Aging-related deficiency of CD28 expression in CD4+ T cells is associated with the loss of gene-specific nuclear factor binding activity

Abstract

Changes in T cell populations and concomitant perturbation of T cell effector functions have been postulated to account for many aging-related immune dysfunctions. Here, we report that high frequencies of CD28(null) CD4+ T cells were found in elderly individuals. Because deviations in the function of these unusual CD4+ T cells might be directly related to CD28 deficiency, we examined the molecular basis for the loss of CD28 expression in CD4+ T cells. In reporter gene bioassays, the minimal promoter of the CD28 gene was mapped to the proximal 400 base pairs (bp) of the 5' untranslated region. CD28 deficiency was associated with the loss of two noncompeting binding activities within a 67-bp segment of the minimal promoter. These binding activities were not competed by consensus Ets, Elk, or AP3 motifs that were found within the sequence stretch. The DNA-protein complexes were also not recognized by antibodies to Ets-related transcription factors.
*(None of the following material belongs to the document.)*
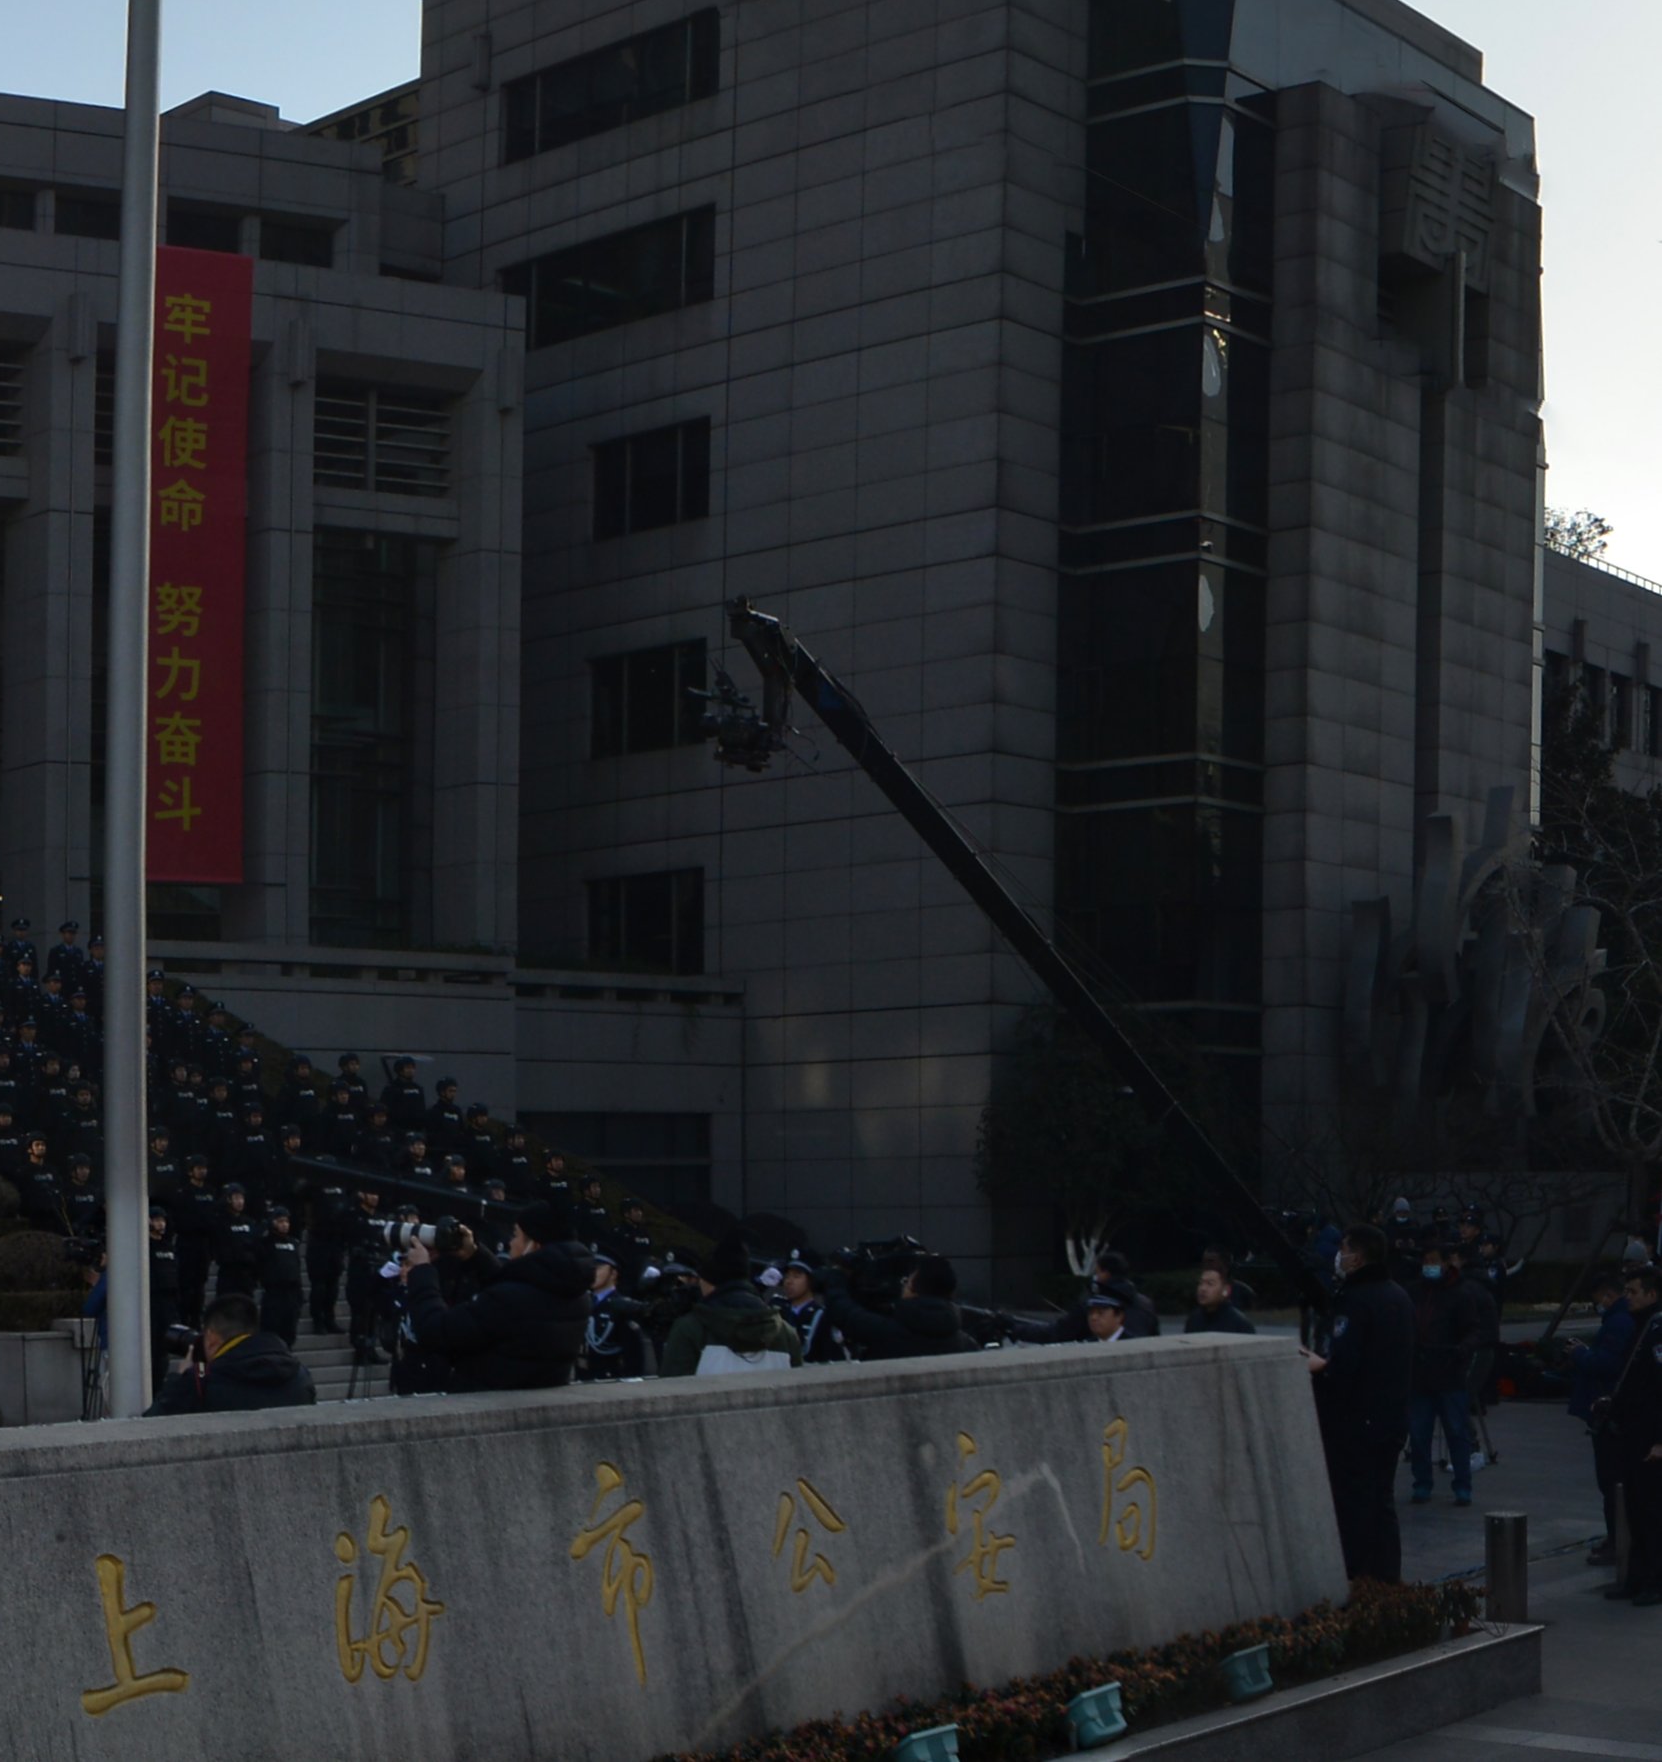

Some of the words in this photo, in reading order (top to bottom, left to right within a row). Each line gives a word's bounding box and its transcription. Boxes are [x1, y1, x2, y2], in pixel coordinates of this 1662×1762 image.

[157, 292, 214, 532] 牢记使命
[154, 582, 204, 832] 努力奋斗
[80, 1415, 1156, 1717] 上海市公安局
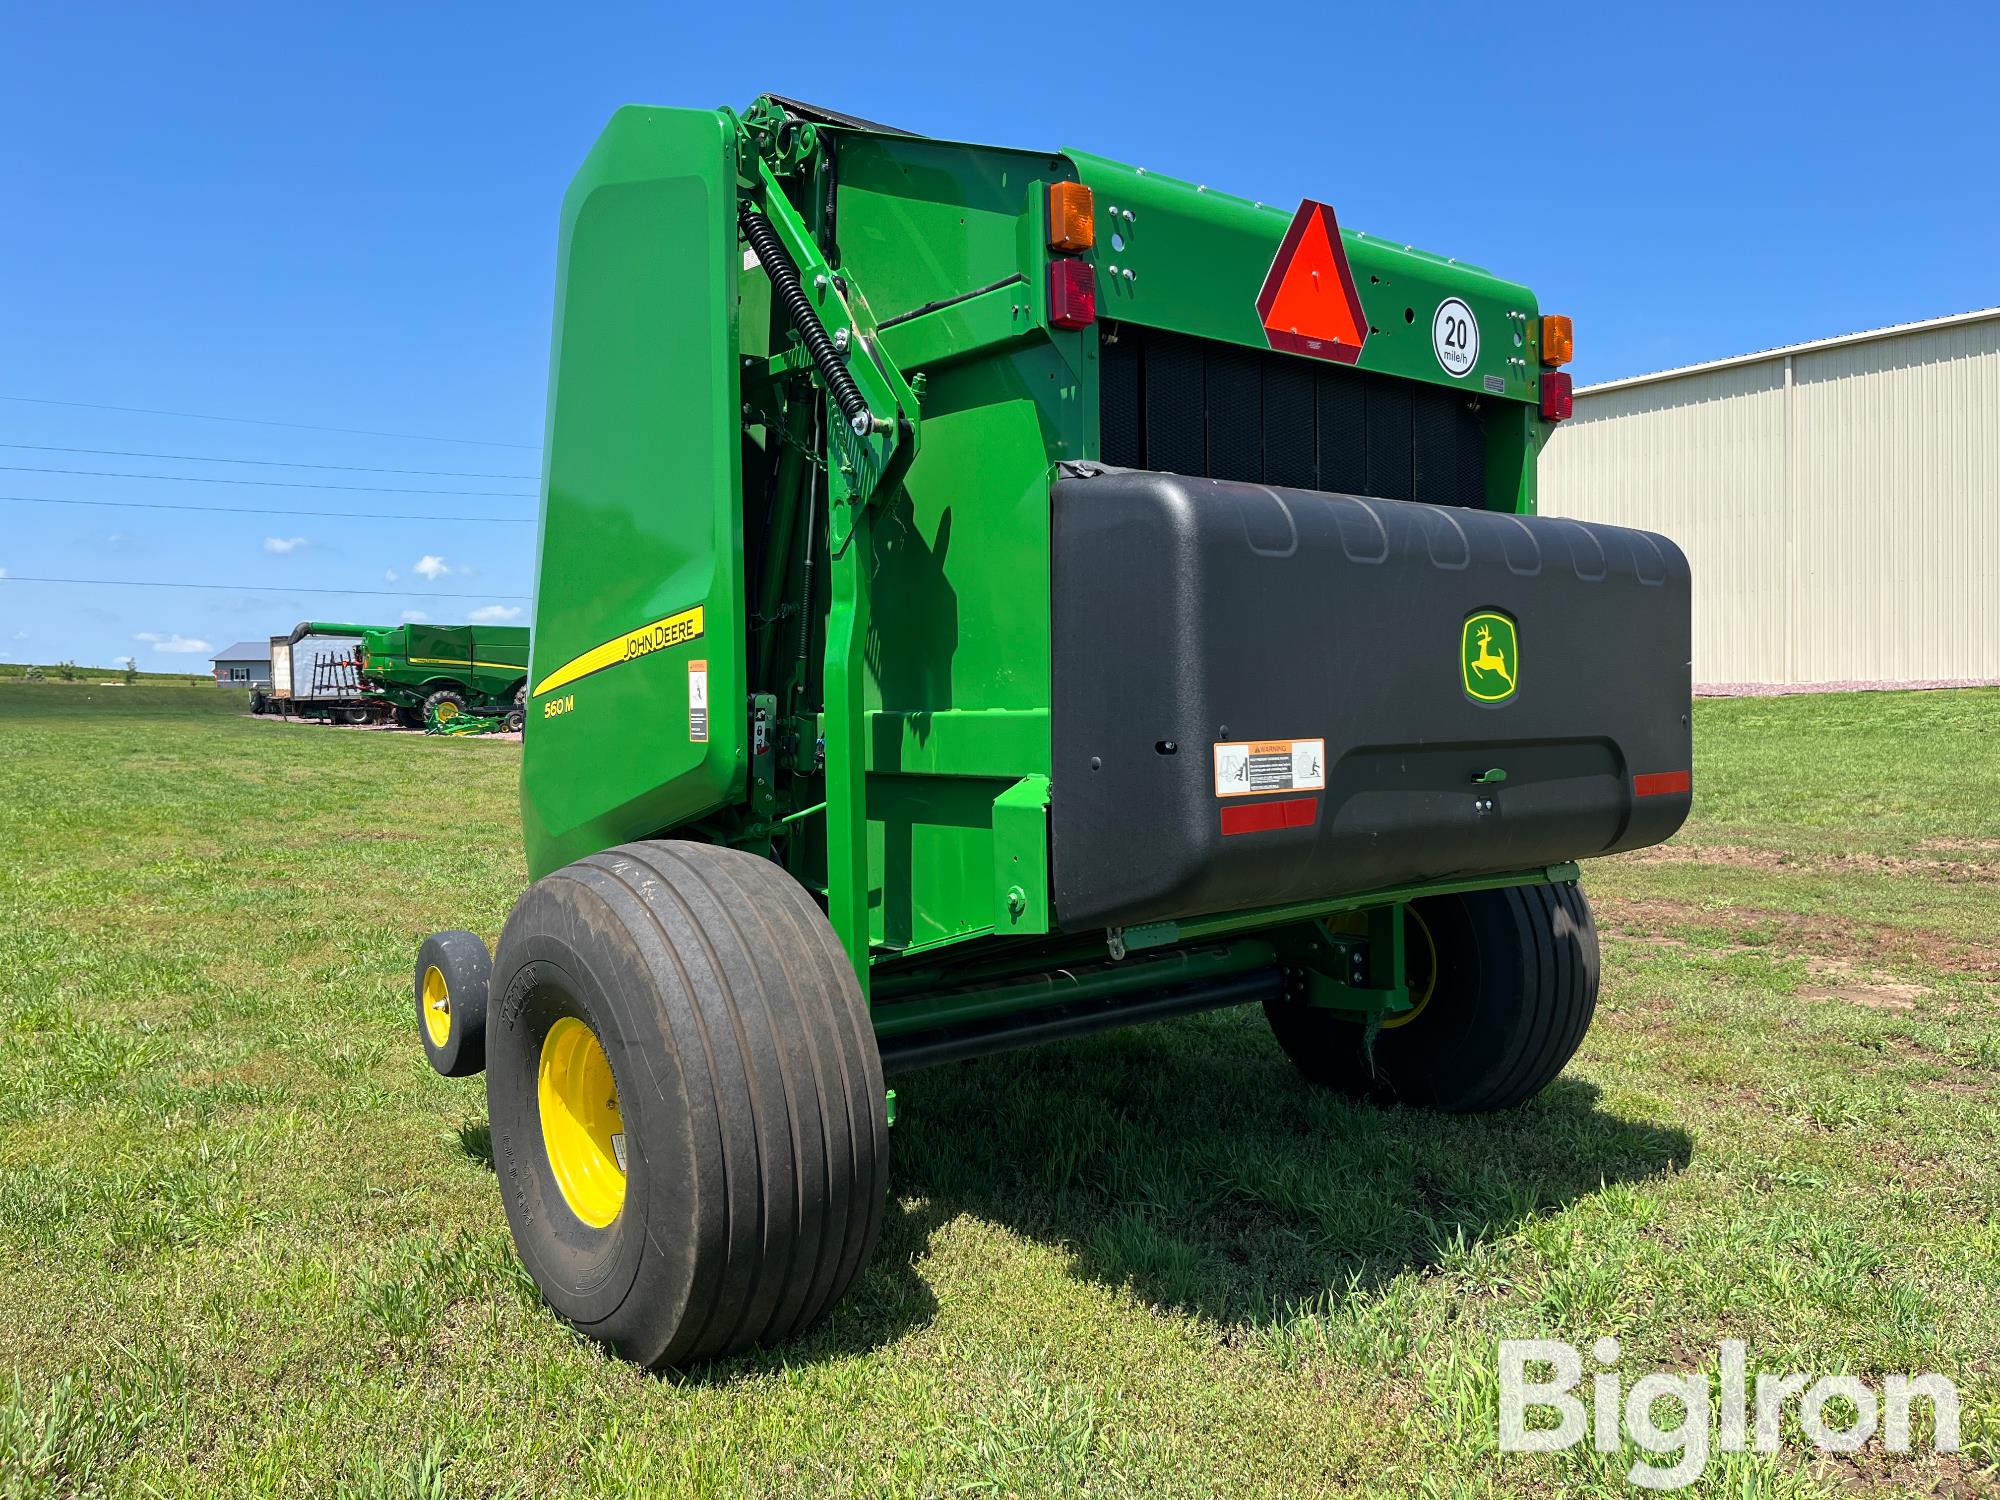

Furthermore, introduction of mutations into the 67-bp segment at positions corresponding to the two DNA-protein interaction sites, i.e. nucleotides spanning -206 to -179 and -171 to -148, resulted in the loss of specific nuclear factor binding activities and the abrogation of promoter activity. These observations implicate at least two regulatory motifs in the constitutive expression of CD28. The loss of binding activity of trans-acting factors specific for these sequences may contribute to the accumulation CD4+CD28(null) T cells during aging.